Erfolgreiche Schlachten gegen die Feinde steht immer weit oben auf der Liste, aber auch die Wiedervereinigung mit dem "bösen Brudervolk Juda" und erntereiche Zeiten werden gerne prognostiziert. Das klingt natürlich verlockend für ein leidgeplagtes Volk, das wohl wirklich daran glaubt, die negativen Erfahrungen, die es macht, kämen von Gott. Es sorgt für eine wachsende Schar von Nachfolgern und verschafft letztlich dem Propheten selbst mehr Bedeutung, Ansehen und vielleicht auch Macht. Es ist der Prophet selber, der davon am meisten profitiert, wenn Yahweh wieder im religiösen Mittelpunkt steht und die Politik bestimmt. Letzteres tut er ja wiederum durch den Propheten, und nur durch ihn. Der Prophet bestimmt somit bei genügend grosser Anzahl Gläubiger, wo's lang geht, wer König wird und was getan werden soll.

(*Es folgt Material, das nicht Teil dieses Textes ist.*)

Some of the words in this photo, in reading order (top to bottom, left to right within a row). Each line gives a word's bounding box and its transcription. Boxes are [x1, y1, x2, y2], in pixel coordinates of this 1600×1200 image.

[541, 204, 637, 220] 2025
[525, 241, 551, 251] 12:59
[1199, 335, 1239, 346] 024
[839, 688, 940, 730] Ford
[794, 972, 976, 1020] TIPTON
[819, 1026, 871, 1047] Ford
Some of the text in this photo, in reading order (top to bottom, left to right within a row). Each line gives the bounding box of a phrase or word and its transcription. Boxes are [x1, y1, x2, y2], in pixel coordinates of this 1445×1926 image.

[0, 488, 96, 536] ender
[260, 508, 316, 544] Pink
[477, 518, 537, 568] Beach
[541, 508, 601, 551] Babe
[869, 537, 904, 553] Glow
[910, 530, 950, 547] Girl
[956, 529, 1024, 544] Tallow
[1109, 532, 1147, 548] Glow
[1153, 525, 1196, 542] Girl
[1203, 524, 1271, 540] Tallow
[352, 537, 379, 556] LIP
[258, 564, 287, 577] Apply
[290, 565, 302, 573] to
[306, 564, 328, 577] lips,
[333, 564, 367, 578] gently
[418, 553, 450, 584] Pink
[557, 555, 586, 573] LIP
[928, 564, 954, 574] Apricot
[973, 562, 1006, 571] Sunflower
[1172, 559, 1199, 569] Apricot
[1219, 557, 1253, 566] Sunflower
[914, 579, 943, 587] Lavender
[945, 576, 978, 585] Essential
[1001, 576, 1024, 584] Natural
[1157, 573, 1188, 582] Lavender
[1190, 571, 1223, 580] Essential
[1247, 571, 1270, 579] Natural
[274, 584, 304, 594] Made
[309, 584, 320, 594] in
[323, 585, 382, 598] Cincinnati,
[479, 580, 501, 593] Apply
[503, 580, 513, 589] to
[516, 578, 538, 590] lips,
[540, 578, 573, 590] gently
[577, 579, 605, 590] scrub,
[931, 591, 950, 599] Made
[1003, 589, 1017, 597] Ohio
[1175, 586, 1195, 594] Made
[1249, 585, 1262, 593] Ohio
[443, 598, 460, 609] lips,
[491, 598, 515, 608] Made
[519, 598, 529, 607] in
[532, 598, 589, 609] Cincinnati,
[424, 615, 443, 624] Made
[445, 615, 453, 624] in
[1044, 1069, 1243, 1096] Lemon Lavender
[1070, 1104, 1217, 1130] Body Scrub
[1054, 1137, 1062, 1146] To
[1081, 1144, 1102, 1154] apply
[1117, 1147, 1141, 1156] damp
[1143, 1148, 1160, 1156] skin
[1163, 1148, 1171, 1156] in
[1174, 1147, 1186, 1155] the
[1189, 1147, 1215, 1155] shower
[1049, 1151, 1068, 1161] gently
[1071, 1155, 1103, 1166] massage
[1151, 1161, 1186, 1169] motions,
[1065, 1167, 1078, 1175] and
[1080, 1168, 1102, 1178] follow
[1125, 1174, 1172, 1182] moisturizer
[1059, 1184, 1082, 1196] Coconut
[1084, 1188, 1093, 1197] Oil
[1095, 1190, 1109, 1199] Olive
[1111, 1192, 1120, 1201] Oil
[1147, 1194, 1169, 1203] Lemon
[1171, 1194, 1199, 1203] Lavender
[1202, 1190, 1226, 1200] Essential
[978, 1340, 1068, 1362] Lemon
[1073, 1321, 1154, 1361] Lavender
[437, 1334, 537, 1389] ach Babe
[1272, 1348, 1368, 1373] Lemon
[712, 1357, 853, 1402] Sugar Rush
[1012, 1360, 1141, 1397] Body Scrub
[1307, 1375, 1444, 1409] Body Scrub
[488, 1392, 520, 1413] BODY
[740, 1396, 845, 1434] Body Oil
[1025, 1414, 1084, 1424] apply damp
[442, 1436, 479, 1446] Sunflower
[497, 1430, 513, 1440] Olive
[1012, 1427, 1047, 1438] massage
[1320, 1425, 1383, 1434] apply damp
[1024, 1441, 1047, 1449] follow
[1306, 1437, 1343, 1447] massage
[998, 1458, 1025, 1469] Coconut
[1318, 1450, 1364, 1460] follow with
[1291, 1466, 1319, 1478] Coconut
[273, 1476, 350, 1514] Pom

Das Phänomen fiel mir schon bei Moses auf, der wie spätere Propheten völlig willkürlich bestimmen und verlangen konnte, was er wollte, weil Gott es ihm angeblich so auftrug. Als Scharlatan werden solche Personen von kritisch denkenden Menschen bezeichnet. Für die, die glauben, sind sie aber grossartige Propheten oder Gurus.

Nun darf natürlich jeder glauben, was er oder sie will. Aber auch der bibelgläubige Christ darf die heiligen Texte gerne mal ein bisschen kritisch lesen und hinterfragen. Es kommt dann nämlich Erstaunliches zu Tage.